Many times, victims are reluctant to acknowledge that what they experience is abuse. Abusers can be very adept at making their partner feel like they are equally (or totally) at fault.


Who does domestic violence happen to? Pretty much just women, right? WRONG.

Men are not immune from rape, stalking, and domestic violence AT ALL.

Also, look at the age for women most at risk. This tells us we need to do a better job arming our children with the facts they need about what abuse is and how to recognize early signs. A lot of people go into relationships with the proverbial rose-colored glasses. By the time they realize anything is amiss, their lives can be dauntingly entangled with their abuser's.

What happens when a child is raised in an abusive environment?

Lastly, you simply won't believe how we as a society pay for this widespread affliction we're not talking about.

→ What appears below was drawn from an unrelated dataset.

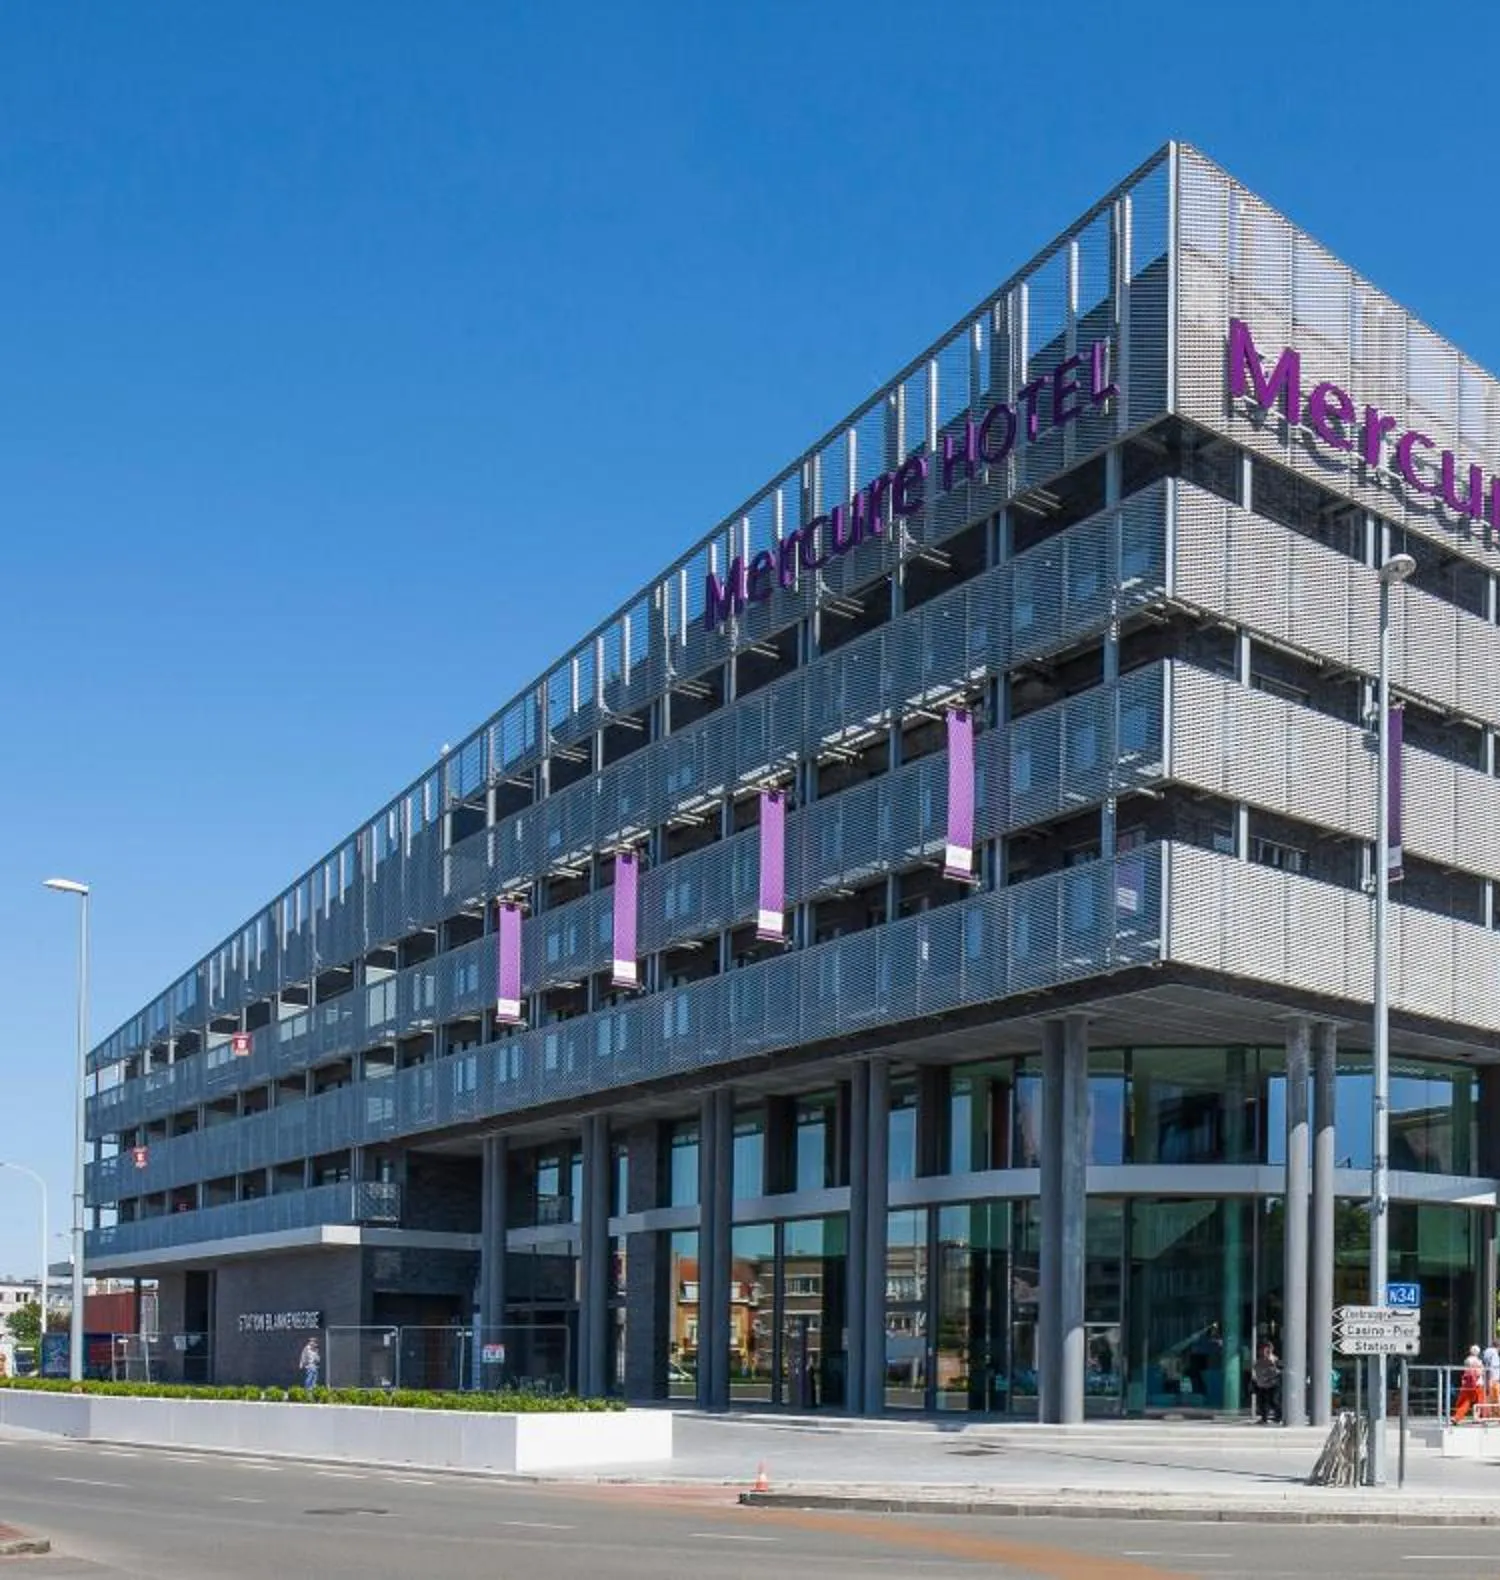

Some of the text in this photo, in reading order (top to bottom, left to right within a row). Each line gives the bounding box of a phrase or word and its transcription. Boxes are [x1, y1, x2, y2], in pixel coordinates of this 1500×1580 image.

[705, 340, 1120, 632] Mercure HOTEL
[1389, 1287, 1415, 1304] N34
[1347, 1325, 1385, 1336] Casino
[1355, 1341, 1397, 1352] Station

If you don't believe these numbers, we invite you to explore the sources listed just above.

And finally, if you're asking yourself, "Why does anyone stay with an abuser?" or "Why don't they just leave?" here are the honest answers you probably wouldn't expect.

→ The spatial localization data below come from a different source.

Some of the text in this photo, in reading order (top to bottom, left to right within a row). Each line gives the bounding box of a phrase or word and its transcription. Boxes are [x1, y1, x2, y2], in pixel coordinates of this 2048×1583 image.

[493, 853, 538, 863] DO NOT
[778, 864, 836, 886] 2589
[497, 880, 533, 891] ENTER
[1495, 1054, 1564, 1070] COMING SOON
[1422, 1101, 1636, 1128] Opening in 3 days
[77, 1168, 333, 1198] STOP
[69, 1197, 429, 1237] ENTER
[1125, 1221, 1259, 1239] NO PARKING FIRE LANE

From Leslie Morgan Steiner:

"Why did I stay? The answer is easy. I didn't KNOW he was abusing me. Even though he held those loaded guns to my head, pushed me down stairs, threatened to kill our dog, pulled the key out of the car ignition as I drove down the highway, poured coffee grounds on my head as I dressed for a job interview … I never once thought of myself as a battered wife. Instead, I was a very strong woman in love with a deeply troubled man, and I was the only person on earth who could help Connor face his demons."

"Why didn't I walk out? I could have left any time. To me this is the saddest and most painful question that people ask because we victims know something you usually don't. It's INCREDIBLY dangerous to leave an abuser because the final step in the domestic violence pattern is 'kill her.' Over 70% of domestic violence murders happen after the victim has ended the relationship, after she's gotten out. Because then the abuser has nothing left to lose. Other outcomes often include long-term stalking (even after the abuser remarries), denial of financial resources, and manipulation of the family court system to terrify the victim and her children who are regularly forced by family court judges to spend unsupervised time with the man who beat their mother. And still we ask, 'Why doesn't she just leave?'"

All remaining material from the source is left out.